Original Articles
Assessment of left ventricular function by real-time 3-dimensional echocardiography compared with conventional noninvasive methods*,**

https://doi.org/10.1067/mje.2001.111158Get rights and content

Abstract

Quantitative assessment of left ventricular ejection fraction is an essential component of cardiac evaluation. We performed real-time 3-dimensional echocardiography in 56 consecutive patients who underwent multigated radionuclide angiography. Thirteen patients were excluded for the following reasons: 5 for large size of left ventricle required for image acquisition, 5 for suboptimal image quality in real-time 3-dimensional echocardiography, and 3 for atrial fibrillation. Finally, we compared left ventricular ejection fraction assessed by real-time 3-dimensional echocardiography and conventional 2-dimensional echocardiography with that obtained by multigated radionuclide angiography in 43 patients. Left ventricular ejection fraction was determined by real-time 3-dimensional echocardiography with the use of parallel plane-disks and sector plane-disks summation methods. A good correlation was obtained between both real-time 3-dimensional echocardiography methods and multigated radionuclide angiography (r = 0.87 and 0.90, standard error of estimate = 3.7% and 4.2%), whereas the relation between the 2-dimensional echocardiography method and radionuclide angiography demonstrated a significant departure from the line of identity (P <.001). In addition, interobserver variability was significantly lower (P <.05) for the real-time 3-dimensional echocardiography methods than that by the 2-dimensional echocardiography method. Real-time 3-dimensional echocardiography may be used for quantification of left ventricular function as an alternative to conventional methods in patients with adequate image quality. (J Am Soc Echocardiogr 2001;14:275-84.)

Introduction

Accurate determination of left ventricular (LV) volume and function provides important pathophysiologic and prognostic information in patients with a variety of cardiac disorders.1, 2, 3 Serial noninvasive monitoring would also be desirable for determination of the appropriate time for medical or surgical interventions. Multigated radionuclide angiography (MUGA) has been used for determining LV ejection fraction (LVEF) because it is noninvasive and does not rely on assumptions of LV geometry.4, 5, 6 However, because it requires the exposure of the patient to radiation, it is not optimal for serial assessment.
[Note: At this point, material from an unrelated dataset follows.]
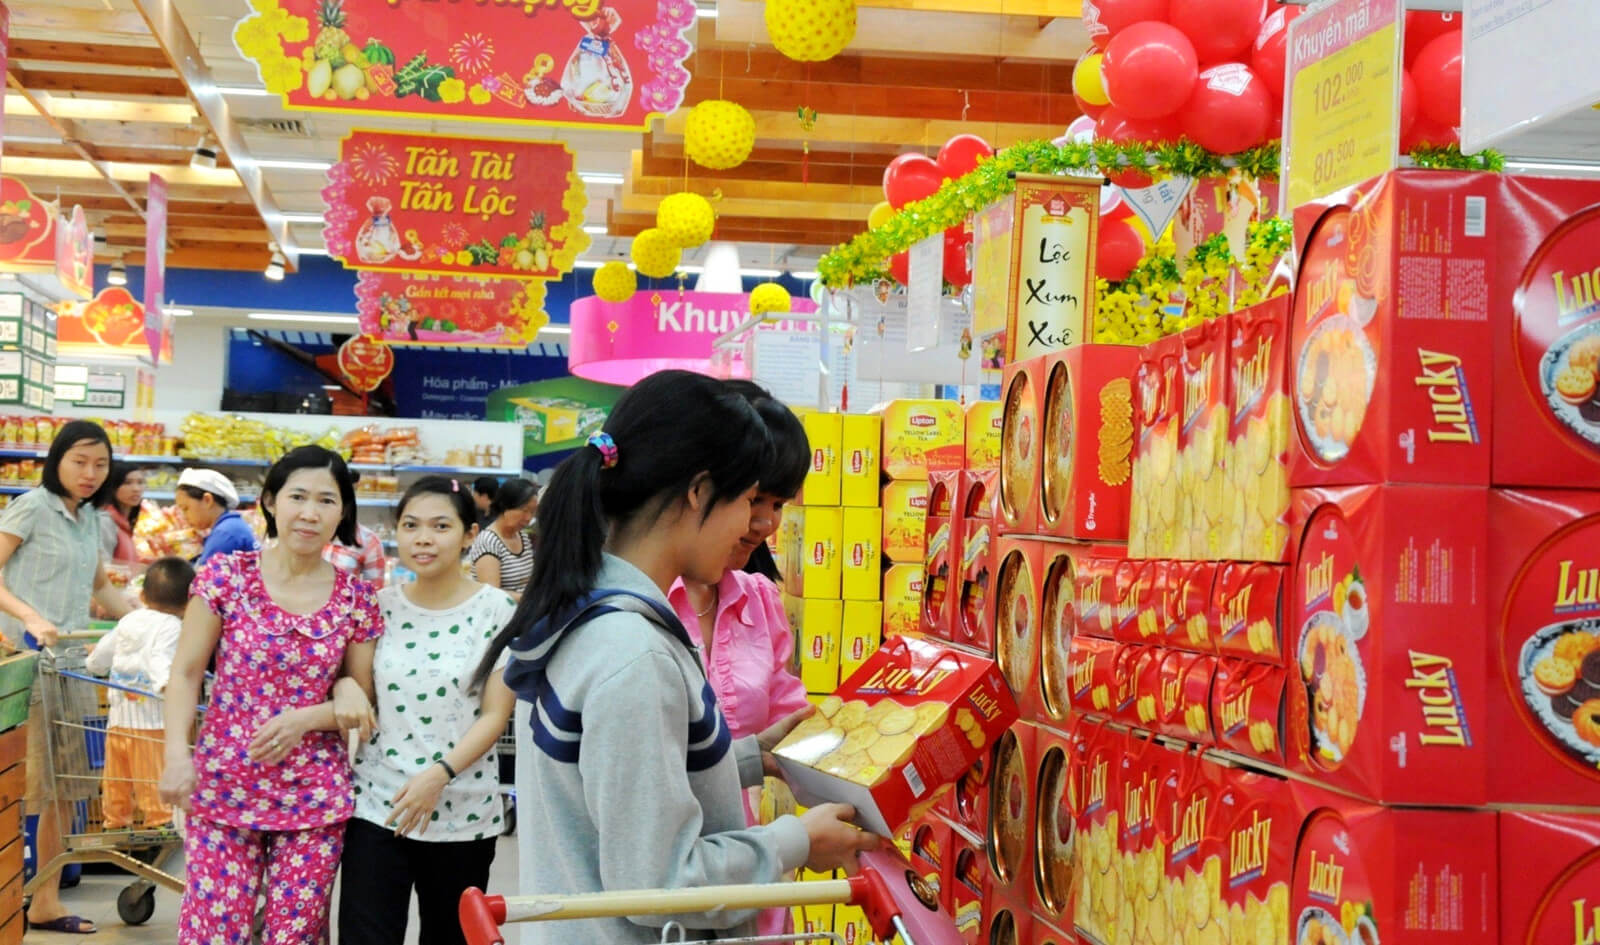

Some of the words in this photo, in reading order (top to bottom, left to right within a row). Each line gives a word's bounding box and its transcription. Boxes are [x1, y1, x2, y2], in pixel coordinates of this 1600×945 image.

In addition, it requires time-consuming computer processing and operator involvement for data acquisition.7, 8

Two-dimensional echocardiography (2DE) is also a widely used technique for the evaluation of LVEF. It has an advantage of no radiation exposure, the immediate provision of clinically interpretable images, and the superior ability to assess regional wall motion as well as to provide information regarding valvular function and cardiac hemodynamics.9, 10, 11, 12 However, assessment of LVEF by 2DE is based on geometric assumptions and thus involves considerable measurement errors.13, 14, 15, 16

Recently, to reduce the limitations of 2DE and to improve quantitative accuracy and reliability, various 3-dimensional echocardiography (3DE) systems have been developed.17, 18, 19, 20, 21, 22, 23, 24, 25, 26 In these systems, a positional locator device17, 18, 19, 20, 21 and rotational transducer are coupled with electrocardiographic and respiratory gating methods.22, 23, 24, 25, 26 Because the spatial data of these 3DE systems are acquired with a standard 2-dimensional (2D) imaging transducer, the transducer's linear phased array can only scan a single-sector plane at any given time. Thus, with the use of a conventional transducer, different planes of 2D acquisition must be obtained at different times and reconstructed according to their location and time. Moreover, in addition to the data acquisition process, off-line 3-dimensional (3D) reconstruction from multiple 2D images is necessary. In a sense, these 3D systems are a modification of conventional 2DE: the additional installations enable 2D images to be reconstructed for display in a 3D format. As such, these 3DE systems are fundamentally unable to obtain 3D data in real-time. Therefore, although these 3DE systems allow accurate LV volume and EF calculation by eliminating geometric assumptions, intricate data acquisition and time-consuming processes for reconstruction make them impractical for daily clinical use.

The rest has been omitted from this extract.